Give an unaltered copy of the listing below, minus its pictures.
___
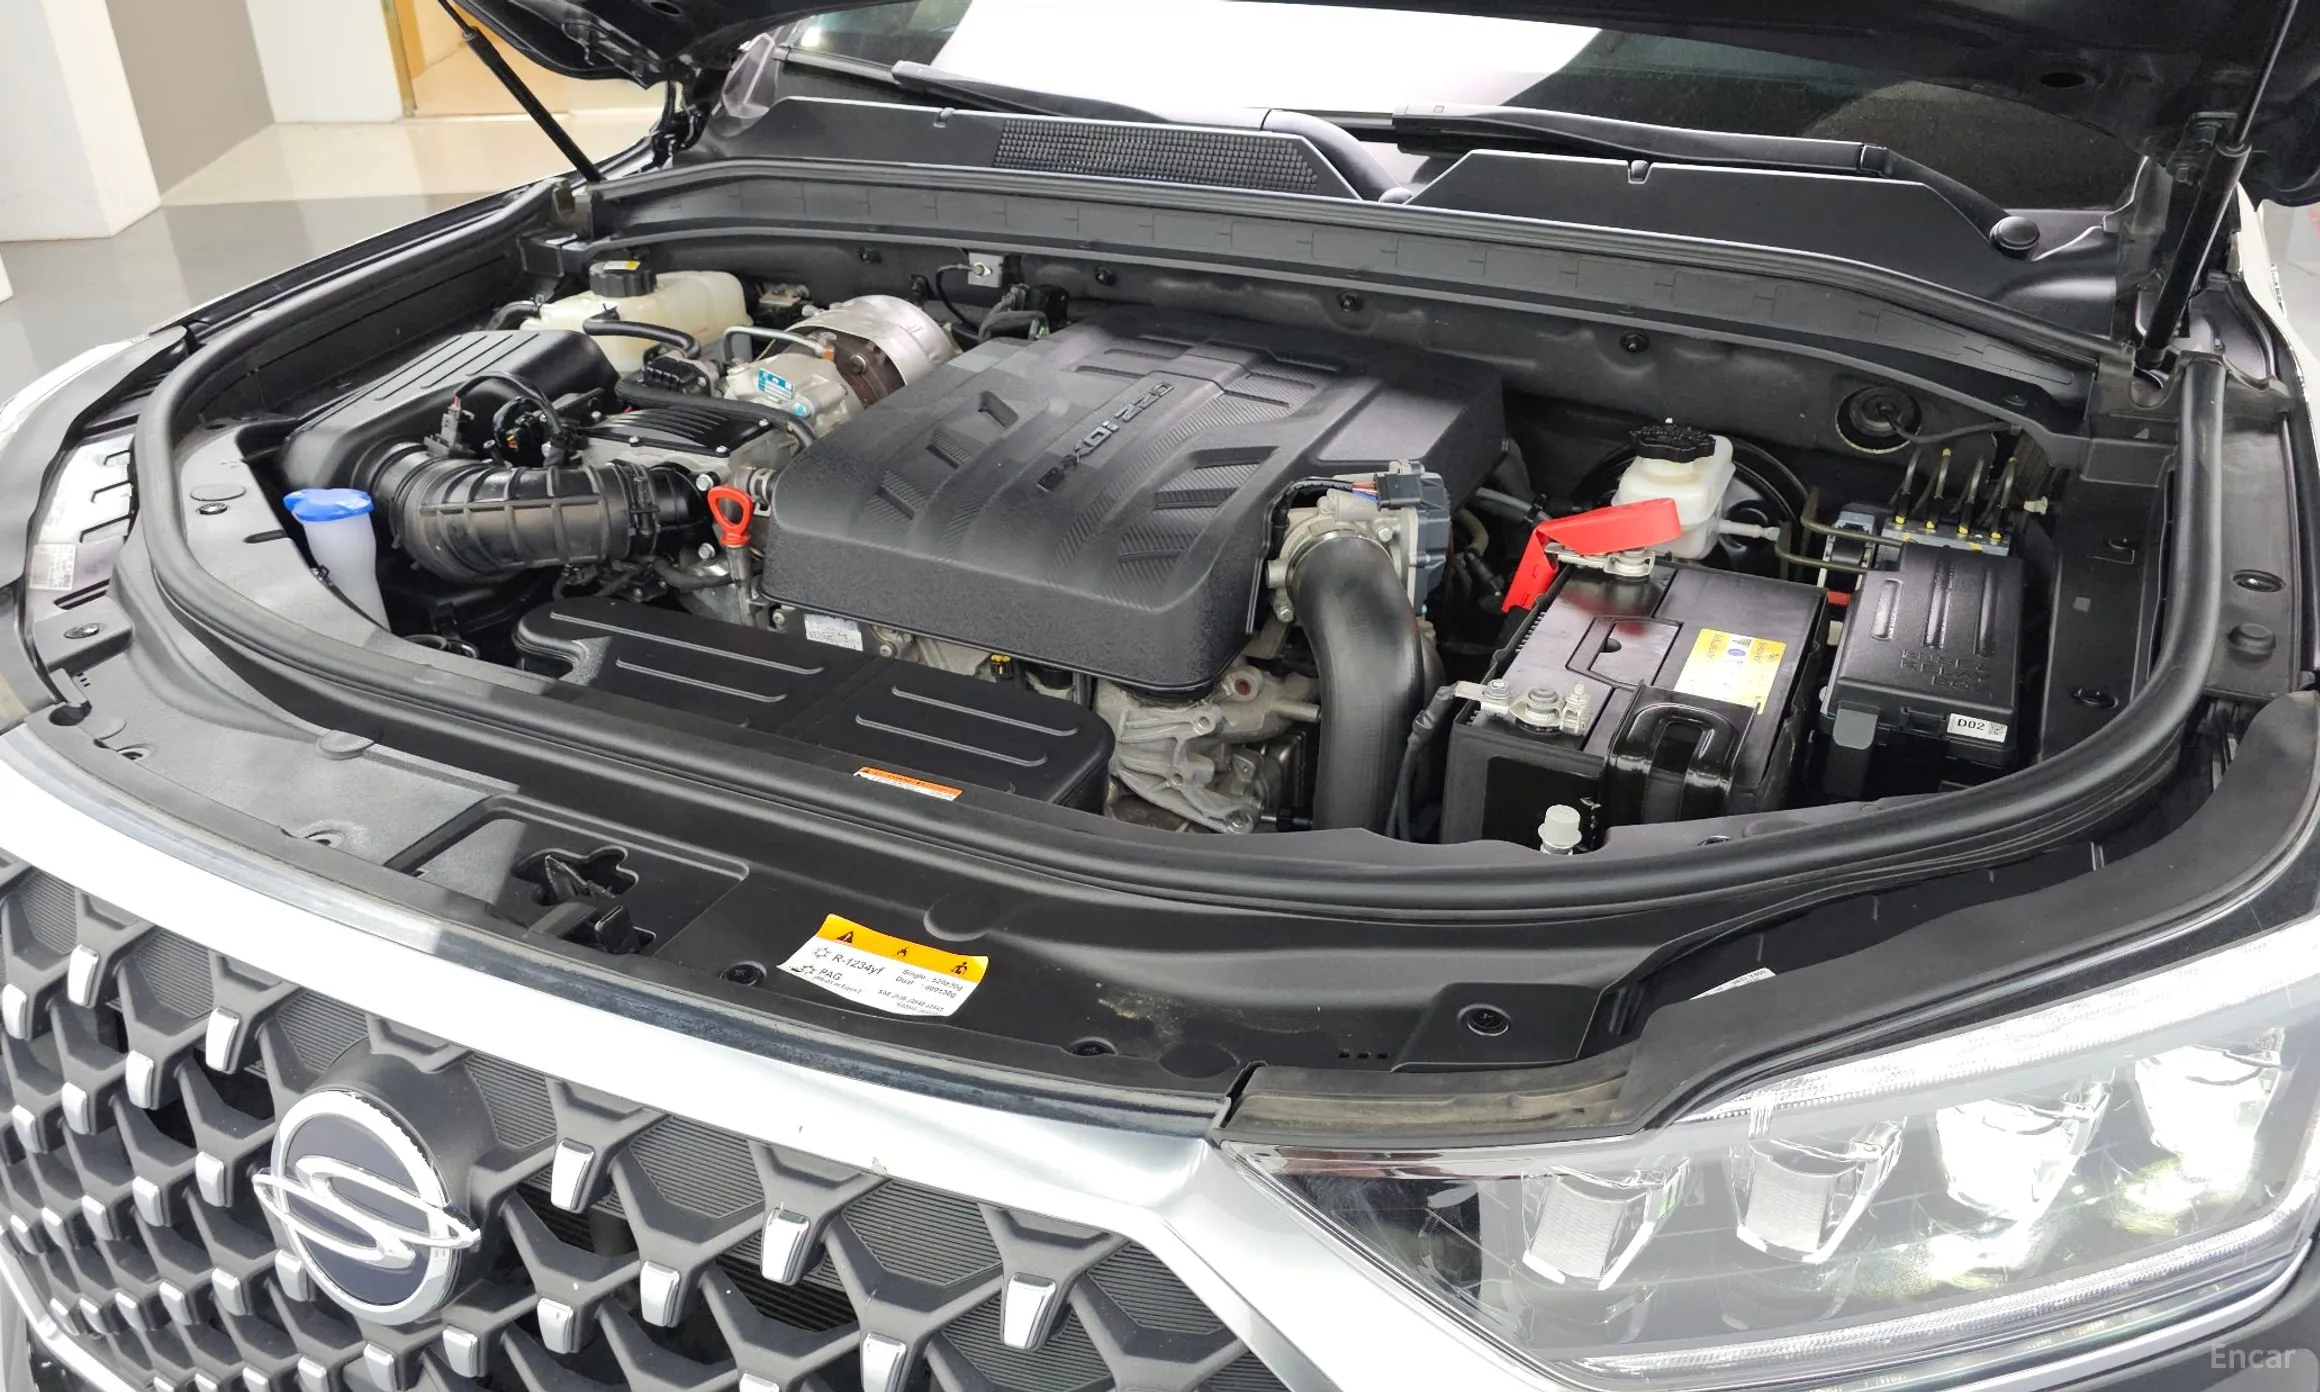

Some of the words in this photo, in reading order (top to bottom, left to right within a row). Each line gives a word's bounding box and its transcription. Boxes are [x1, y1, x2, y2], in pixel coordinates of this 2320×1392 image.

[1114, 380, 1175, 424] 220
[1957, 718, 1986, 731] D02
[832, 953, 886, 975] R-1234yf
[819, 967, 843, 981] PAG
[895, 975, 914, 985] Dual
[902, 968, 926, 980] Single
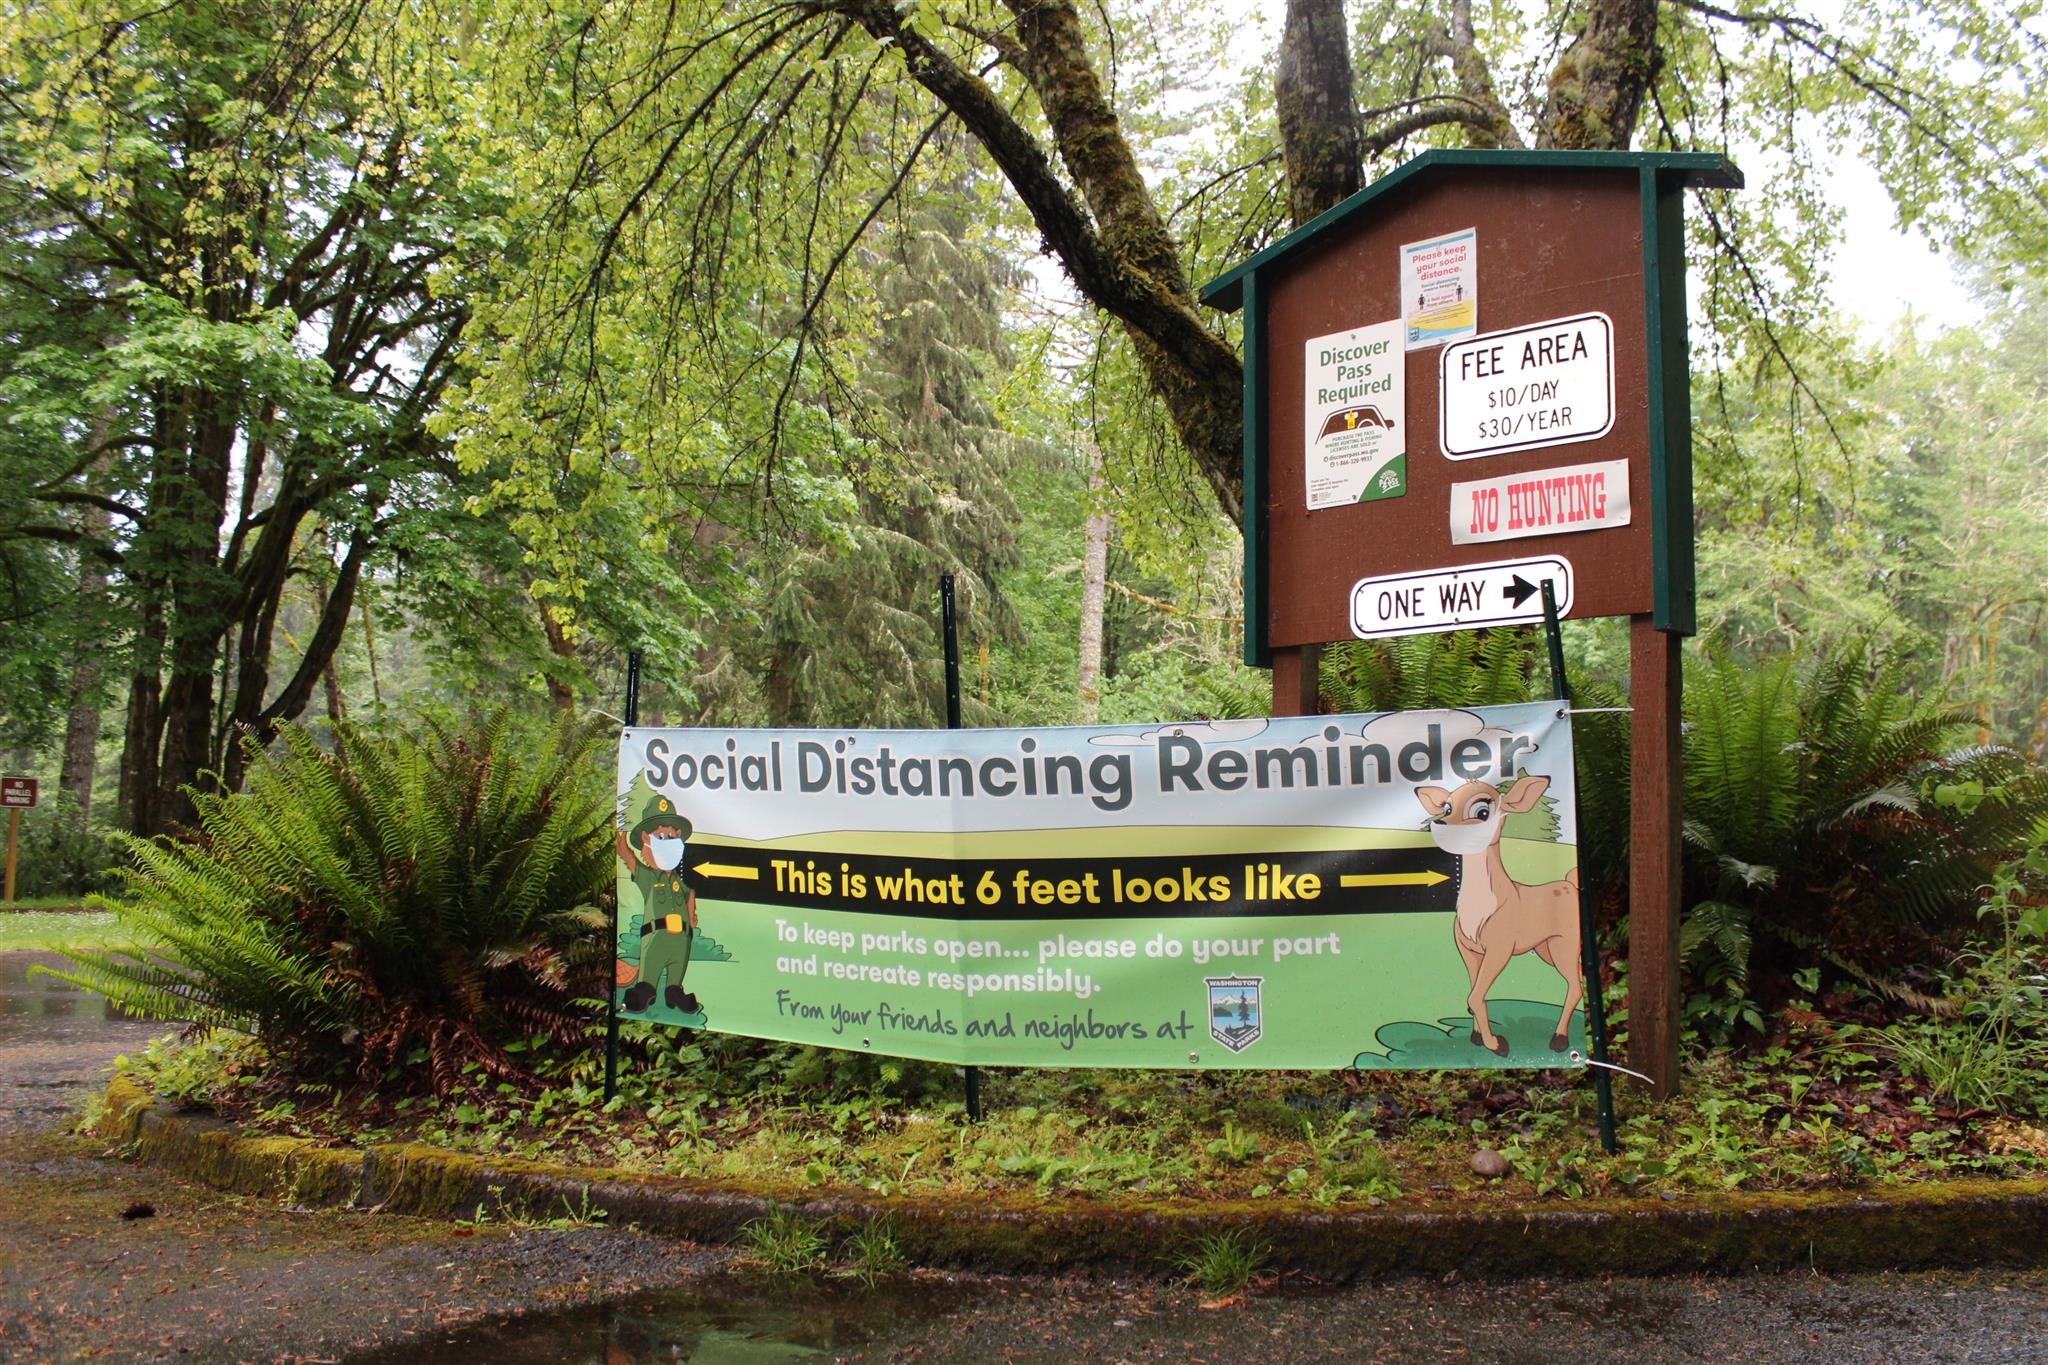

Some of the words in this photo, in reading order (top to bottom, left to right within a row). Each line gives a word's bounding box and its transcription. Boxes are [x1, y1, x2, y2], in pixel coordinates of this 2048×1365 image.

[1412, 251, 1442, 263] Please
[1444, 245, 1466, 256] keep
[1416, 261, 1437, 274] your
[1439, 253, 1467, 266] social
[1420, 265, 1462, 281] distance.
[1320, 340, 1390, 367] Discover
[1462, 346, 1504, 380] FEE
[1521, 331, 1588, 370] AREA
[1318, 373, 1391, 405] Required
[1337, 363, 1372, 382] Pass
[1488, 379, 1560, 408] $10/DAY
[1478, 406, 1572, 439] $30/YEAR
[1470, 487, 1499, 534] NO
[1507, 471, 1607, 530] HUNTING
[1378, 587, 1425, 621] ONE
[1439, 580, 1486, 614] WAY
[645, 738, 782, 792] Social
[798, 736, 1133, 811] Distancing
[1159, 723, 1530, 792] Reminder
[771, 860, 831, 896] This
[842, 864, 866, 898] is
[875, 868, 965, 905] what
[976, 871, 1001, 905] 6
[1012, 872, 1100, 905] feet
[1112, 867, 1231, 903] looks
[1244, 864, 1322, 900] like
[775, 919, 798, 943] To
[803, 921, 856, 954] keep
[861, 928, 927, 956] parks
[934, 937, 1030, 963] open...
[1039, 934, 1136, 964] please
[1145, 934, 1184, 958] do
[1192, 937, 1264, 964] your
[1273, 932, 1340, 962] part
[776, 954, 817, 978] and
[823, 960, 921, 987] recreate
[927, 967, 1101, 999] responsibly.
[776, 990, 825, 1021] From
[831, 1003, 871, 1035] your
[877, 1003, 958, 1037] friends
[965, 1012, 1015, 1039] and
[1024, 1008, 1148, 1050] neighbors
[1150, 1009, 1195, 1040] at
[1212, 1029, 1236, 1048] STATE
[1236, 1028, 1260, 1048] PARKS
___
• Expected answer:
Some of the words in this photo, in reading order (top to bottom, left to right within a row). Each line gives a word's bounding box and its transcription. Boxes are [x1, y1, x2, y2], in pixel coordinates of this 2320×1392 image.

[1114, 380, 1175, 424] 220
[1957, 718, 1986, 731] D02
[832, 953, 886, 975] R-1234yf
[819, 967, 843, 981] PAG
[895, 975, 914, 985] Dual
[902, 968, 926, 980] Single

Some of the words in this photo, in reading order (top to bottom, left to right within a row). Each line gives a word's bounding box and its transcription. Boxes are [x1, y1, x2, y2], in pixel coordinates of this 2048×1365 image.

[1412, 251, 1442, 263] Please
[1444, 245, 1466, 256] keep
[1416, 261, 1437, 274] your
[1439, 253, 1467, 266] social
[1420, 265, 1462, 281] distance.
[1320, 340, 1390, 367] Discover
[1462, 346, 1504, 380] FEE
[1521, 331, 1588, 370] AREA
[1318, 373, 1391, 405] Required
[1337, 363, 1372, 382] Pass
[1488, 379, 1560, 408] $10/DAY
[1478, 406, 1572, 439] $30/YEAR
[1470, 487, 1499, 534] NO
[1507, 471, 1607, 530] HUNTING
[1378, 587, 1425, 621] ONE
[1439, 580, 1486, 614] WAY
[645, 738, 782, 792] Social
[798, 736, 1133, 811] Distancing
[1159, 723, 1530, 792] Reminder
[771, 860, 831, 896] This
[842, 864, 866, 898] is
[875, 868, 965, 905] what
[976, 871, 1001, 905] 6
[1012, 872, 1100, 905] feet
[1112, 867, 1231, 903] looks
[1244, 864, 1322, 900] like
[775, 919, 798, 943] To
[803, 921, 856, 954] keep
[861, 928, 927, 956] parks
[934, 937, 1030, 963] open...
[1039, 934, 1136, 964] please
[1145, 934, 1184, 958] do
[1192, 937, 1264, 964] your
[1273, 932, 1340, 962] part
[776, 954, 817, 978] and
[823, 960, 921, 987] recreate
[927, 967, 1101, 999] responsibly.
[776, 990, 825, 1021] From
[831, 1003, 871, 1035] your
[877, 1003, 958, 1037] friends
[965, 1012, 1015, 1039] and
[1024, 1008, 1148, 1050] neighbors
[1150, 1009, 1195, 1040] at
[1212, 1029, 1236, 1048] STATE
[1236, 1028, 1260, 1048] PARKS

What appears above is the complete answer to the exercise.